第一章 ともに暮らす家に起きていること

W 生活の質の低下と社会の崩壊

43−47

X 地球規模の不平等

48−52


W 生活の質の低下と社会の崩壊

43.人々の生活に及ぼす影響
 人間もまたこの世界の被造物であり、生存権や幸福権を享受し、固有の尊厳が付与されている。。。環境悪化や使い捨て文化が人々の生活に及ぼす影響を考えずにはいられない。


4.都市の無秩序な成長
 桁外れの無秩序な都市。暮らすには不健康なところ。巨大で非効率な構造物。自然との触れ合いもなく、生きるようにはできていない。

45.社会から見捨てられた人々を排除する場所の私有化
 美しく住みよい場所の私有化。少数者のための都市空間。

46.地球規模での変化に見られる社会的様相
  ・技術革新の雇用への影響。
  ・社会的疎外
  ・エネルギーや他のサービスの不公平な分配や消費
  ・社会の分断化
  ・増大する暴力や新しい形態の社会的攻撃の増加
  ・麻薬取引
  ・増加する若年層の薬物使用
  ・アイデンティティ喪失

47.メディアとデジタル社会の影響
  知識や感情の伝達や共有を可能にする。
  しかし、他者の苦悩や喜び、他者の個人的体験の複雑さに直接触れることを妨げることもある
  ・刺激的な可能性、
  ・対人関係での深くて憂鬱な不満、
  ・有害な孤立を引き起こす可能性、にも心を留めるべき。


 急激な社会構造の変化は、いままでの生活様式や価値観、社会通念を大きく変えていき、そこから生じる人間関係の崩壊や自分自身のアイデンティティの喪失にと繋がっていった。


X 地球規模の不平等

48.人間環境と社会環境の悪化
  人間や社会の悪化の原因に注意を払うことなしに、環境悪化に適切に立ち向かうことはできない。
   環境と社会の悪化は、地球上の最も弱い人々に影響する。

49.環境問題に正義を
  そのような影響を及ぼす諸問題を、ほとんどの人ははっきりと自覚できていない。
  都市部における触れ合いや出会いの欠如は良心を麻痺させ、現実から目をそらせる。

50.人口問題と環境問題
  貧困問題の解決として出生率を下げることは、問題からの逃避である。貧困問題の真の原因 は、過度で飽くことなき消費主義だからである。

   
 ここで「リプロダクティブ ヘルス」という言葉について少し考えてみる。
 1994年、エジプトのカイロで開かれた国連の国際人口開発会議(ICPD)で、この言葉の概念が初めて公式に提唱されたと言われている。それは人が生涯にわたって差別と強制と暴力を受けることなく性と生殖に関して、身体的、精神的、社会的に良質な健康環境にあることを「リプロダクティブ ヘルス」といい、その状態を享受する権利を「リプロダクティブ ライツ」という。
 教皇フランシスがこの言葉を用いながら何か歯切れが悪いのは、この権利には性や身体のことを自分で決め守ることができる権利が含まれているからである。即ち、合法かつ安全な中絶の権利、避妊の権利、生む生まないを自由に決定する権利、が含まれ、これが開発途上国に対する国際的圧力となっている、と表現されている。(以上、ウイキベディア参照)
 即ち、性や身体のことを自分で決め守ることができる権利は、カトリックの信仰と相容れないものがあり、教皇はこの部分については反対せざるを得ないのである。教皇は問題の核心である消費主義を、人口問題にすり替えて、そこへ逃避していると非難する。


51.エコロジカルな債務
  エコロジカルな債務ー富裕国の莫大な消費が、貧しい国々の自然に大きな傷跡を残している。

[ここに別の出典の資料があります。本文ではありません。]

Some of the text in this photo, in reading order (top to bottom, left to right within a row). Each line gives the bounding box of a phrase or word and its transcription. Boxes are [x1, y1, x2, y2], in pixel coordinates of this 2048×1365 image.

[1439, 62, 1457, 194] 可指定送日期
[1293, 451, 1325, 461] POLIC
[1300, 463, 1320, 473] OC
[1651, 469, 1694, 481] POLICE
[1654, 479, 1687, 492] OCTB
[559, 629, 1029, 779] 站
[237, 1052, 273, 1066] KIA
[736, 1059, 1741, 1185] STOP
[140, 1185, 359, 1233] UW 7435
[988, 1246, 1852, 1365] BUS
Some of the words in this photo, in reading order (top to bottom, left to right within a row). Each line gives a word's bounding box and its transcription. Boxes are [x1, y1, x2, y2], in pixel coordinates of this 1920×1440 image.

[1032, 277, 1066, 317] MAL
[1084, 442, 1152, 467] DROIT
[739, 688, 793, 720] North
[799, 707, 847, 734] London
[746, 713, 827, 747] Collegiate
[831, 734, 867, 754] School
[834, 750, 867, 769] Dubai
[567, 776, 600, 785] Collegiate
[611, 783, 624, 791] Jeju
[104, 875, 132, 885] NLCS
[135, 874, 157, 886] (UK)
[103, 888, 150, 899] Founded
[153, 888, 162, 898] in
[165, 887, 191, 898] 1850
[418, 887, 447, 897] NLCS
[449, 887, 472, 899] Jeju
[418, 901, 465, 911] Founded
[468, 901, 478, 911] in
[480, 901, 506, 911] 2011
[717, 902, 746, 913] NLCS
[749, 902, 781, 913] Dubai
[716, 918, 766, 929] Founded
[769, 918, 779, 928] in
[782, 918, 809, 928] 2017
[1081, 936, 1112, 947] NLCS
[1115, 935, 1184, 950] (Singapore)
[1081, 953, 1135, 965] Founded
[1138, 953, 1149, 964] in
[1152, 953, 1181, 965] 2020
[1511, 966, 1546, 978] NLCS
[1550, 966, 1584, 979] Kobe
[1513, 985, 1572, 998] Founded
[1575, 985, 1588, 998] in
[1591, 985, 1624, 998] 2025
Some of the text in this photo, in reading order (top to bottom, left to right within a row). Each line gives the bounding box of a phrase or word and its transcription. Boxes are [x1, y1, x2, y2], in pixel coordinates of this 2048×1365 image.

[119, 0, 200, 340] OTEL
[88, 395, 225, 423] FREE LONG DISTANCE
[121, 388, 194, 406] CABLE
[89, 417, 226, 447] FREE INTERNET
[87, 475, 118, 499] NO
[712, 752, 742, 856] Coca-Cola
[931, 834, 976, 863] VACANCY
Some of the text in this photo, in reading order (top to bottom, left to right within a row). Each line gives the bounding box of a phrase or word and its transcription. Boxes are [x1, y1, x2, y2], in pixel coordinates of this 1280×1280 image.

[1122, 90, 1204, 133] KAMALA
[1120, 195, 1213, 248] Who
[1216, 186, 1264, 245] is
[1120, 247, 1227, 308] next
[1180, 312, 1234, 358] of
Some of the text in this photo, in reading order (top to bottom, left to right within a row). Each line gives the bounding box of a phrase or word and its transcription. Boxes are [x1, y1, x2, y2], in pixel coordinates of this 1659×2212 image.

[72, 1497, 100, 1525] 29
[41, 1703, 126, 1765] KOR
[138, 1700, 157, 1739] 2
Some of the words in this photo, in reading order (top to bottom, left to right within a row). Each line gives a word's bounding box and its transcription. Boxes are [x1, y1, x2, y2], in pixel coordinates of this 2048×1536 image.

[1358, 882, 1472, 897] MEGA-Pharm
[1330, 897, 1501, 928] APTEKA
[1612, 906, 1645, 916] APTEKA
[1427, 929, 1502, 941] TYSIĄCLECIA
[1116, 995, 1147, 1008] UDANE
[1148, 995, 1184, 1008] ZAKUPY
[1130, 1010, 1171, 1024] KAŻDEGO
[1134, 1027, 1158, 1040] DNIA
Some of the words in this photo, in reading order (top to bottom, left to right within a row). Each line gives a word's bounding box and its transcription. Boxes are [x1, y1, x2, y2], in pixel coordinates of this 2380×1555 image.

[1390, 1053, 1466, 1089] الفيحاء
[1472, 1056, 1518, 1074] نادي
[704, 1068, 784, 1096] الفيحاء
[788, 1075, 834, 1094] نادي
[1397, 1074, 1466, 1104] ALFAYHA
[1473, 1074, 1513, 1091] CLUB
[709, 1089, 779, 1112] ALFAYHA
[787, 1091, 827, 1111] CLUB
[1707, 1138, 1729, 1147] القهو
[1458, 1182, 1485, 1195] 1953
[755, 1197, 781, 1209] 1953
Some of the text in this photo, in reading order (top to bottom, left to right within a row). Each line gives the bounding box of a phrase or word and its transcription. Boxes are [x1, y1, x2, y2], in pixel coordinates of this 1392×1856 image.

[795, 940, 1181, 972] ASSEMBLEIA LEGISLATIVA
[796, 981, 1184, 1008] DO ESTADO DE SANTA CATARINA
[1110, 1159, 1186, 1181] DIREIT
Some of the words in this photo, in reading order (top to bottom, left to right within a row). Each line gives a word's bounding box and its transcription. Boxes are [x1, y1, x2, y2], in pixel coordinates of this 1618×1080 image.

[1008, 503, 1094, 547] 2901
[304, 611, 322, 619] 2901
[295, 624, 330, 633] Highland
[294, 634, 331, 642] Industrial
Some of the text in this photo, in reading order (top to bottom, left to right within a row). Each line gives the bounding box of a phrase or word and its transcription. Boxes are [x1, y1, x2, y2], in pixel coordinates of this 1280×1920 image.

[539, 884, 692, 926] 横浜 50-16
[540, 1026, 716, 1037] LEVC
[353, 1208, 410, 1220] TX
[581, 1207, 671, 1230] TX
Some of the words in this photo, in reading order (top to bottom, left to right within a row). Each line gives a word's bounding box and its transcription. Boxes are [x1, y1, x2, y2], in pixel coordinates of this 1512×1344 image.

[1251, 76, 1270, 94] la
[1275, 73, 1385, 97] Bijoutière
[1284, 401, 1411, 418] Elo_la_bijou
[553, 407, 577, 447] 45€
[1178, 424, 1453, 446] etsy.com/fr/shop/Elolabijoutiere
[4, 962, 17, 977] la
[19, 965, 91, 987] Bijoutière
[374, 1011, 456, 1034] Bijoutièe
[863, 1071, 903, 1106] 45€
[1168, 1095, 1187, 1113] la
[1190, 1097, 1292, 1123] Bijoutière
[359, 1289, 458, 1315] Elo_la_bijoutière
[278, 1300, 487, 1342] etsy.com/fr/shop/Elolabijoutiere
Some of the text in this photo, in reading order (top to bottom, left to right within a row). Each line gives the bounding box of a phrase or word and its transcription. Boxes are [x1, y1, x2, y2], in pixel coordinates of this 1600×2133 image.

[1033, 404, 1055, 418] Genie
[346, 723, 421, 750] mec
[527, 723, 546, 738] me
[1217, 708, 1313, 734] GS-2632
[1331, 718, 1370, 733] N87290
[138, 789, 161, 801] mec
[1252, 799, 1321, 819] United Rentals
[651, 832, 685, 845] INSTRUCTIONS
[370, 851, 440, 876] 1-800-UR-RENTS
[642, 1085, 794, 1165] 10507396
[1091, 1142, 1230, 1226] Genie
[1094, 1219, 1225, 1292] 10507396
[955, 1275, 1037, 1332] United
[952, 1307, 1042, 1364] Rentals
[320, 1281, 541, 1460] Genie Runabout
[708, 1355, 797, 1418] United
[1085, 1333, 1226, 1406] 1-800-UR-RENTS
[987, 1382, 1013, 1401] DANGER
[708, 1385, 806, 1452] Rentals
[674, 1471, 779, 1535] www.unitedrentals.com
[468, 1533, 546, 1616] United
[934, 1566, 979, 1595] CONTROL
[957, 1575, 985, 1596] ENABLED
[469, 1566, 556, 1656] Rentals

 債務とは他人から借りたものや金銭を返済する義務を言う。それ故、エコロジカルな債務とは、先進国と言われる国や豊かな国の後進国とか貧しい国といわれる国への植民地化や資本主義、大量消費主義などによって、自然からの大量搾取、自然破壊、自然汚染や環境汚染などに甚大な傷を与えたことを、エコロジカルな債務と表現している。

52.エコロジカルな債務の返済
   先進国は、非再生可能エネルギーの消費を大幅に制限することや、持続可能な開発のための政策や計画への支援を通してより貧しい国に資することで、この債務の返済の貢献しなければならない。

 先進国や裕福な国は返すべき債務を負っている開発途上国や貧困に苦しむ国に対して、その債務を返済すべきべきである、と教皇は言う。援助や支援ではない。債務を返済すべきなのだ。